Discount calculator

Work out the sale price and the money you save — or find the percentage off from two prices.

You pay
You save

How a discount calculator works

A discount is just a slice taken off a starting price. Whether you are checking a shop’s “25% off” sticker or trying to see how steep a clearance markdown really is, the arithmetic comes down to two small formulas. This calculator handles both directions for you and formats the money with your chosen currency, but it is worth knowing the maths so you can sanity-check any deal in your head.

The two formulas

If you know the original price and the percentage off, the sale price and saving are:

  • Sale price: sale = price × (1 − discount ÷ 100)
  • Amount saved: saved = price × (discount ÷ 100)

If instead you know the original and the final sale price, the percentage off is:

  • Discount %: discount = (1 − sale ÷ price) × 100

A worked example

Suppose a pair of headphones is listed at $80 with a 25% off banner. Plug that into the first formula: 80 × (1 − 25 ÷ 100) = 80 × 0.75 = $60. The amount you save is 80 × 0.25 = $20. Now flip it around — you spot the same headphones elsewhere for $60 down from $80 and want the percentage: (1 − 60 ÷ 80) × 100 = (1 − 0.75) × 100 = 25%. Both views agree, which is exactly the cross-check this tool gives you.

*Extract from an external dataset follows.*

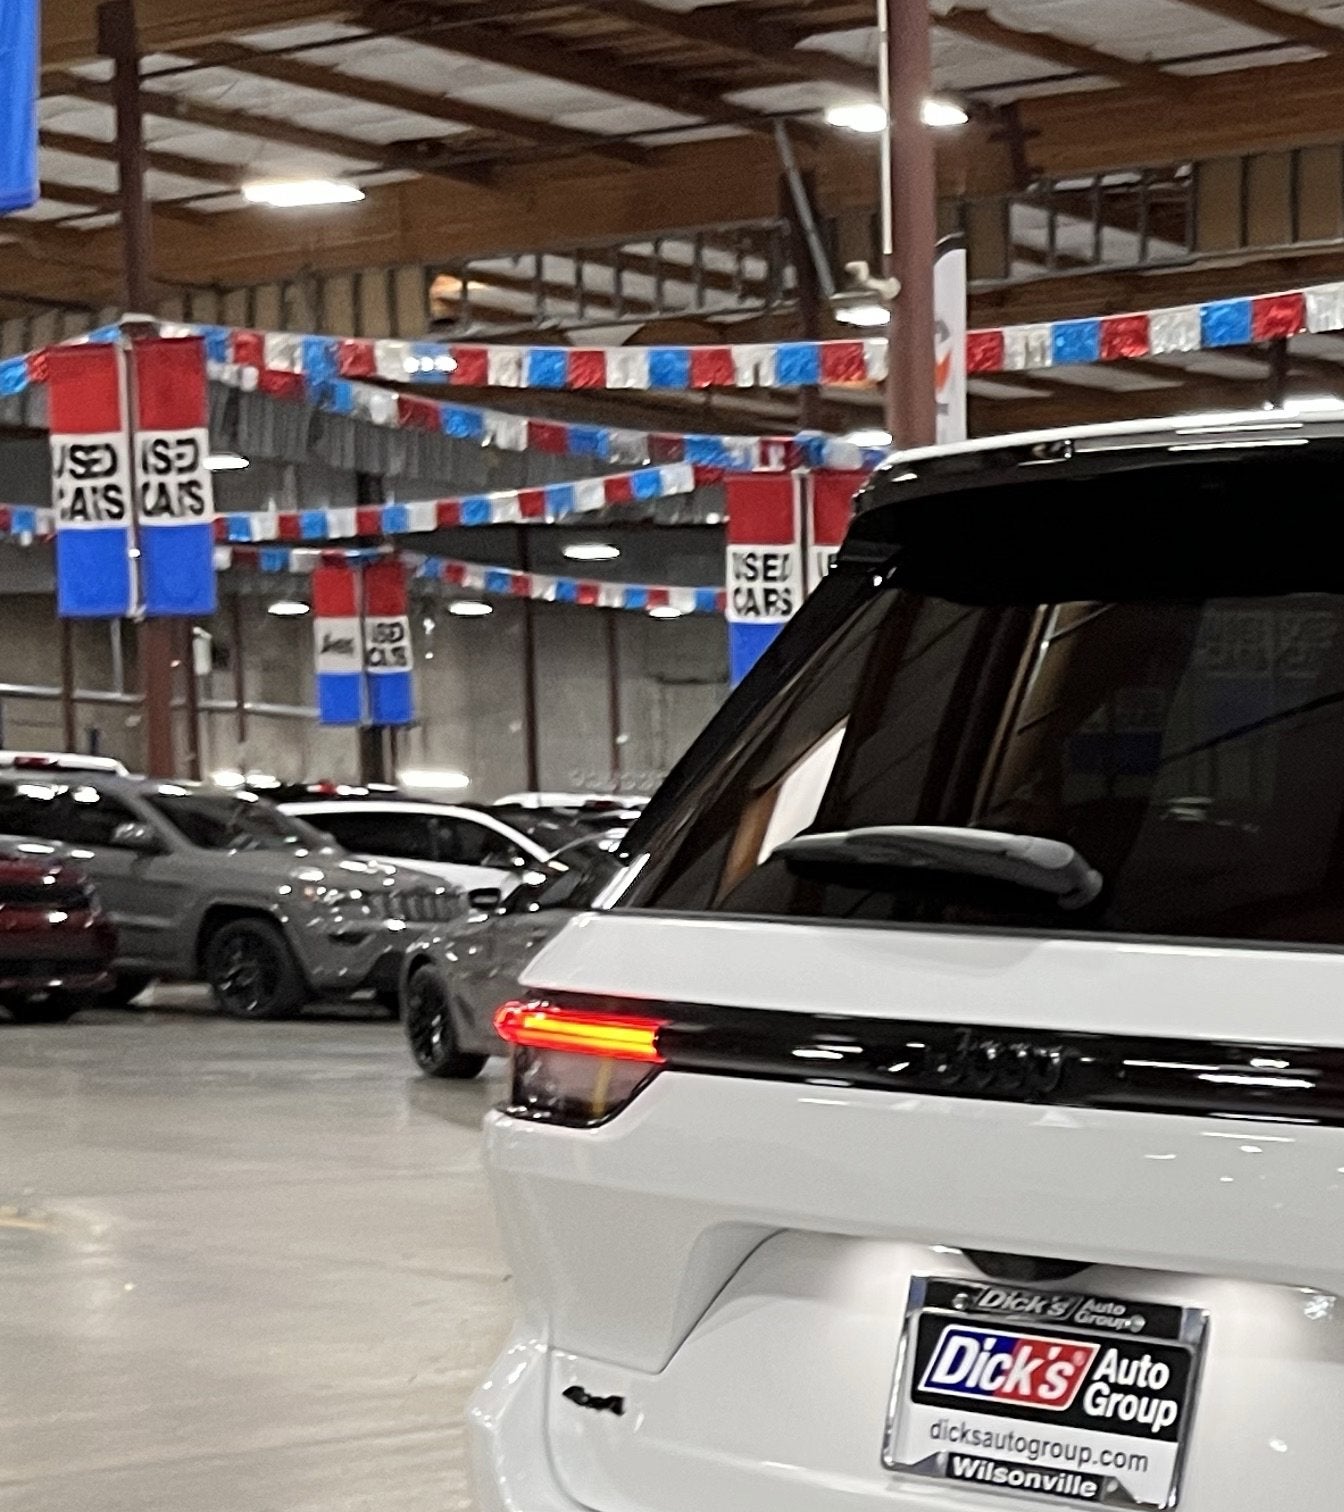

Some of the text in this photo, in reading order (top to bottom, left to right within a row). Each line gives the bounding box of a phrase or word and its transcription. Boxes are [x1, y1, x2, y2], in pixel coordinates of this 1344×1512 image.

Common discounts at a glance

DiscountYou pay (per $100)You save (per $100)
10% off$90.00$10.00
15% off$85.00$15.00
25% off$75.00$25.00
33% off$67.00$33.00
50% off$50.00$50.00
70% off$30.00$70.00

Two directions

Start from a percentage to find the price, or from two prices to find the percentage — switch with one tap.

Clean currency

Results are formatted with your browser’s Intl number formatter, so symbols and separators match your currency.

Pre-tax clarity

The maths stays on the listed price so it works anywhere; add your local sales tax or VAT to the result if needed.

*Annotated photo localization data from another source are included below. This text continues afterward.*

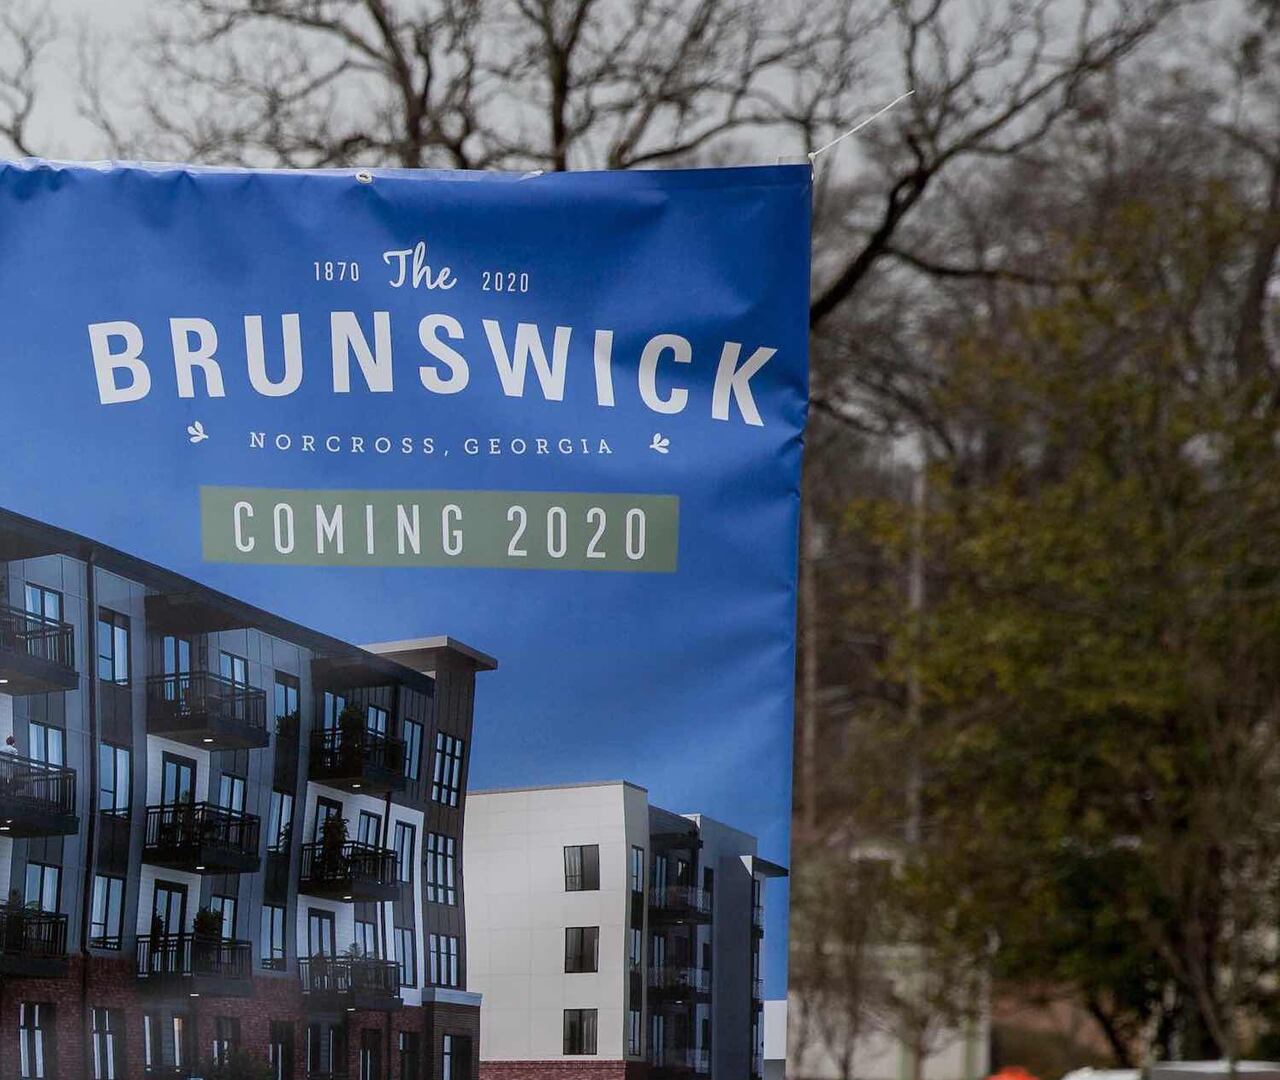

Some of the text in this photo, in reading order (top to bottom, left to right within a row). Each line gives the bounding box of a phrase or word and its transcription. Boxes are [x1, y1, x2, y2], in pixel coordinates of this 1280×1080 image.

[313, 240, 530, 293] 1870 The 2020
[88, 311, 779, 427] BRUNSWICK
[249, 431, 613, 456] NORCROSS, GEORGIA
[233, 501, 647, 561] COMING 2020
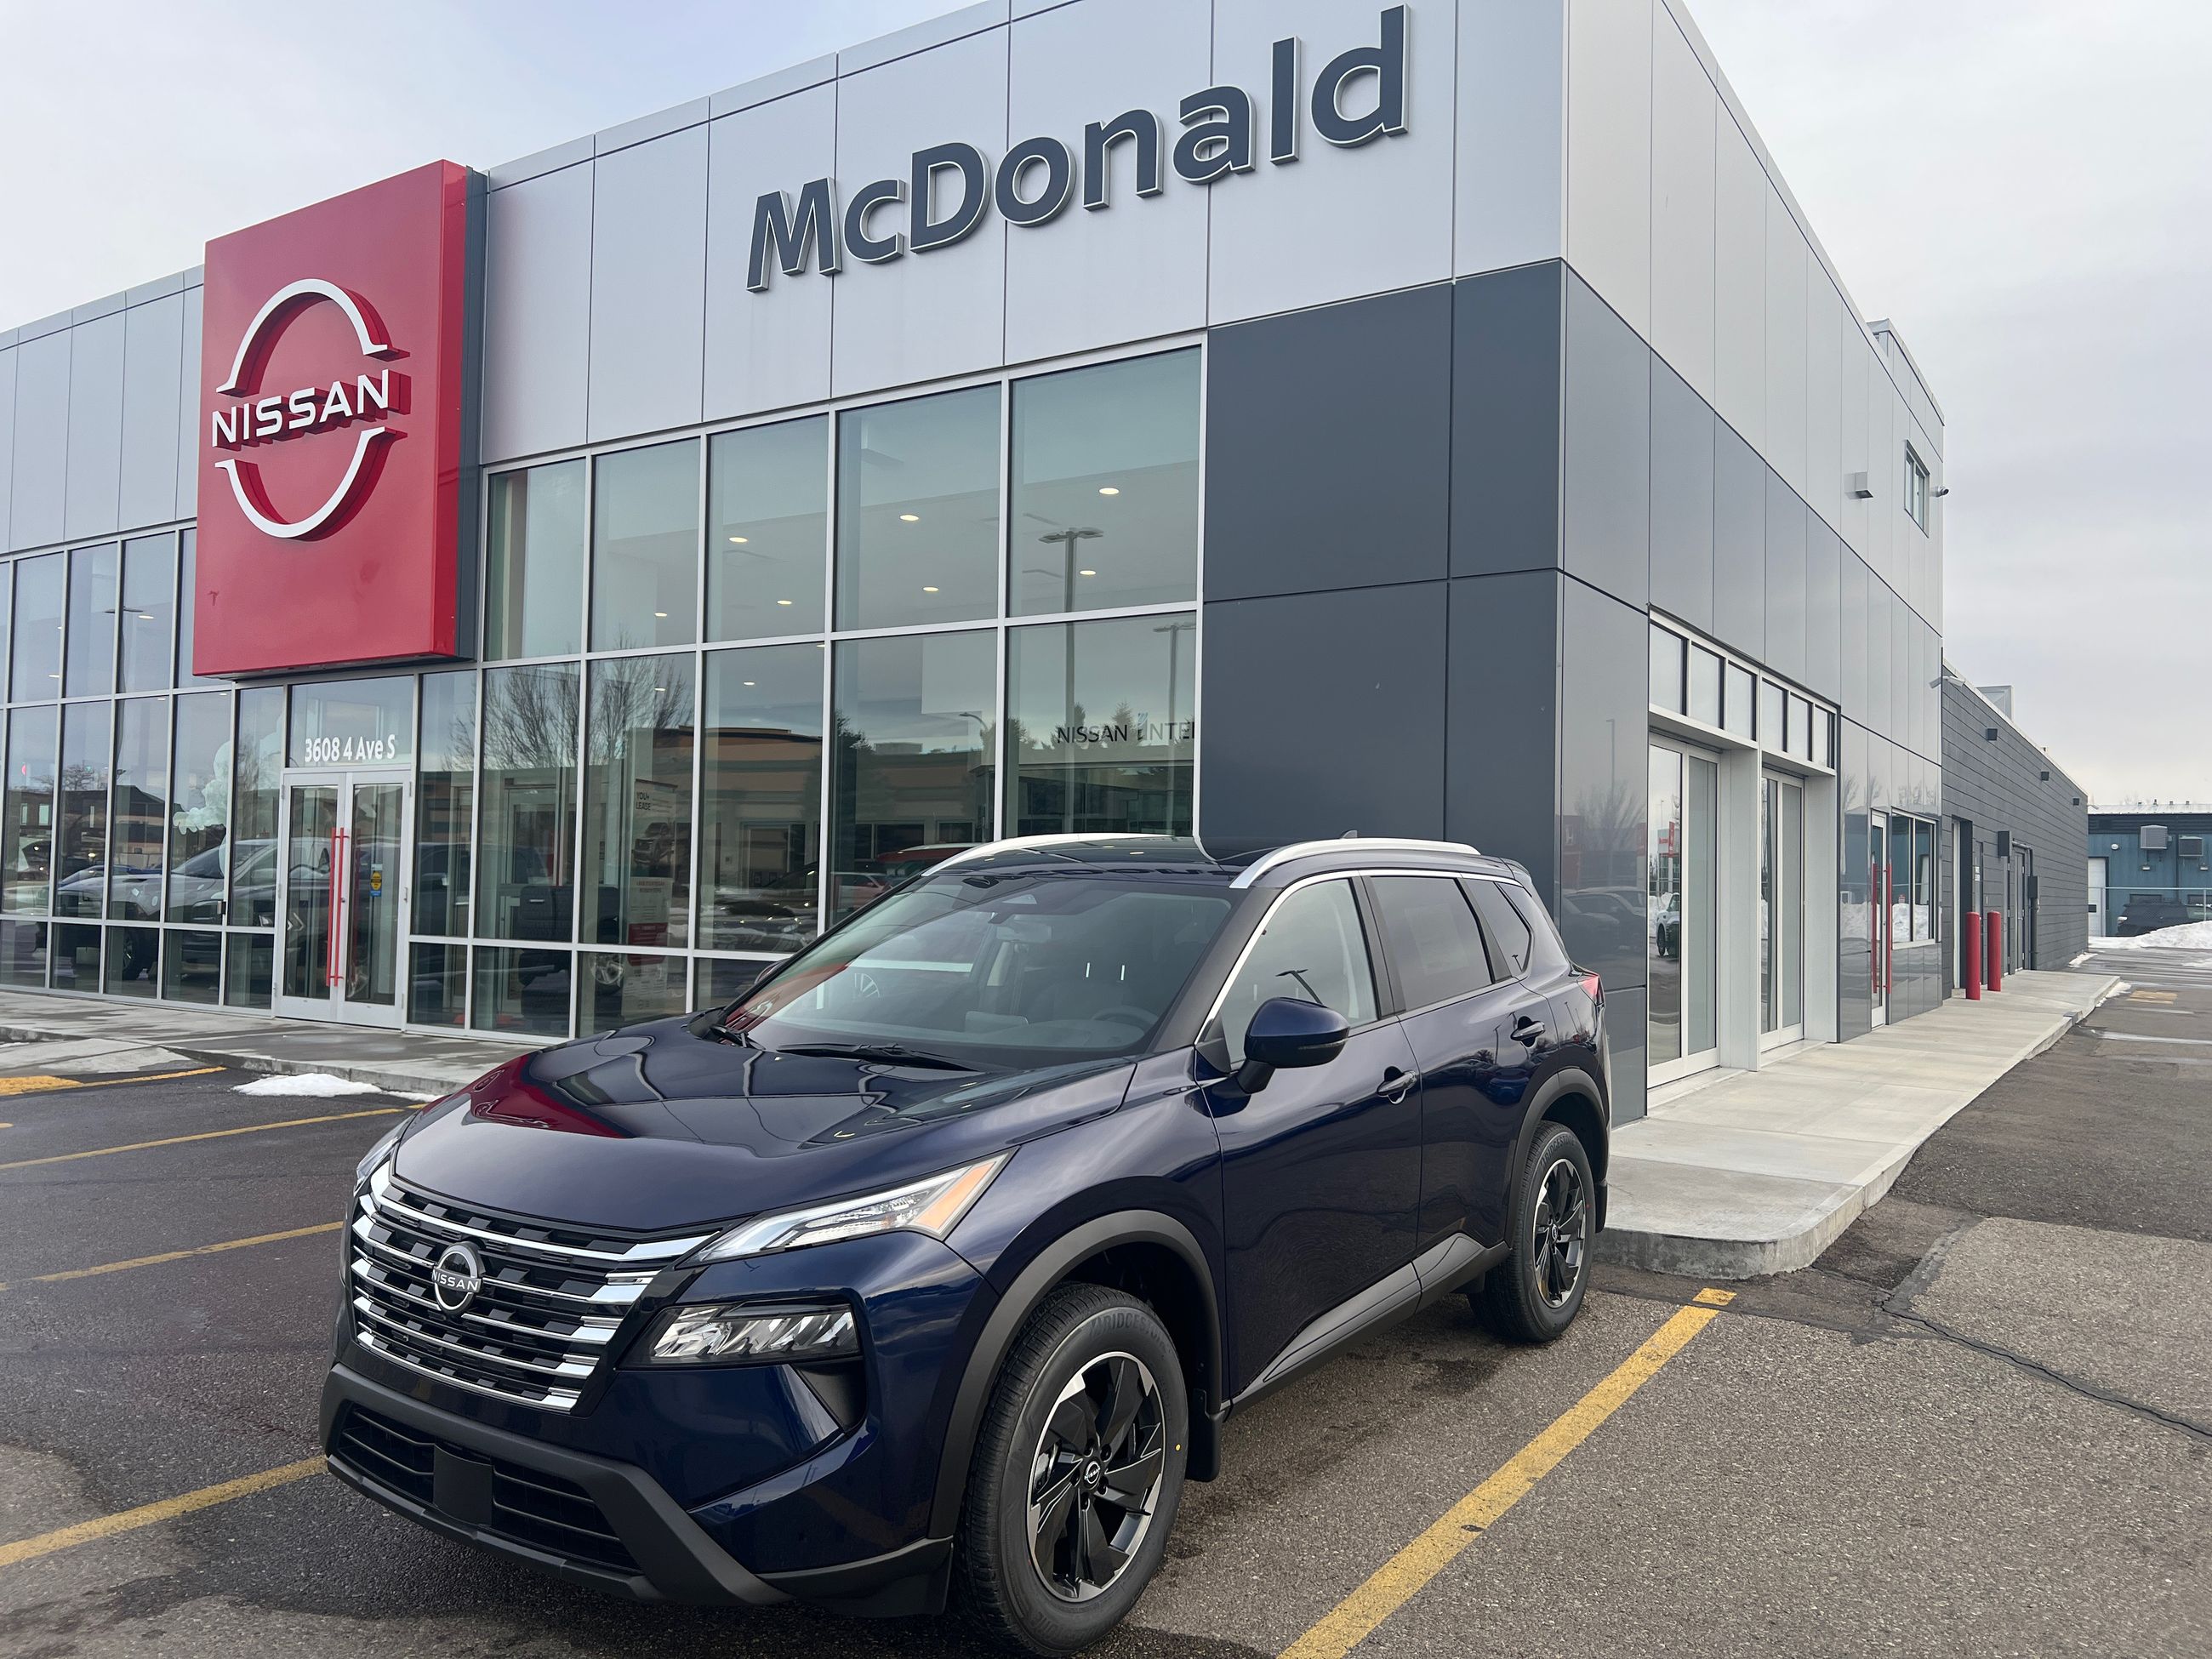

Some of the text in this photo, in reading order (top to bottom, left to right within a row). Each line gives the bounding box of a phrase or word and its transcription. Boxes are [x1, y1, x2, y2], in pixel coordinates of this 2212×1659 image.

[745, 3, 1411, 293] McDonald
[211, 368, 390, 448] NISSAN
[305, 733, 396, 762] 3608 4 Ave S
[1058, 724, 1127, 744] NISSAN
[431, 1268, 478, 1291] NISSAN

Privacy note: this calculator runs entirely in your browser with no server and no tracking of what you type. Your prices are never uploaded or stored, and the result is gone the moment you close the tab.

Frequently asked questions

How do I calculate a sale price from a percentage off?

Multiply the original price by (1 − discount ÷ 100). For example, a $80 item at 25% off becomes 80 × (1 − 0.25) = 80 × 0.75 = $60. The amount you save is simply the original price minus the sale price, or 80 × 0.25 = $20.

How do I work out the discount percentage from two prices?

Divide the sale price by the original price, subtract that from 1, then multiply by 100: (1 − sale ÷ original) × 100. If a $120 jacket is now $90, the discount is (1 − 90 ÷ 120) × 100 = (1 − 0.75) × 100 = 25%.

Does this calculator include sales tax or VAT?

No. It works on the pre-tax price so the maths stays clear and applies anywhere in the world. Apply your local sales tax or VAT to the sale price afterwards if you need the final checkout total.

What currency does it use?

You can pick from several common currencies at the top of the tool. The figures are formatted with your browser’s built-in internationalisation, so symbols and separators match the currency you choose.

Can I stack two discounts together?

Discounts are usually applied one after another, not added. A 20% coupon on top of a 30% sale gives 0.80 × 0.70 = 0.56 of the original price — a 44% total reduction, not 50%. Run this tool twice, feeding the first sale price in as the second original price.

Is anything I type sent to a server?

No. Every calculation runs locally in your browser with JavaScript. Your prices are never uploaded, logged or stored, and the result disappears when you close the tab.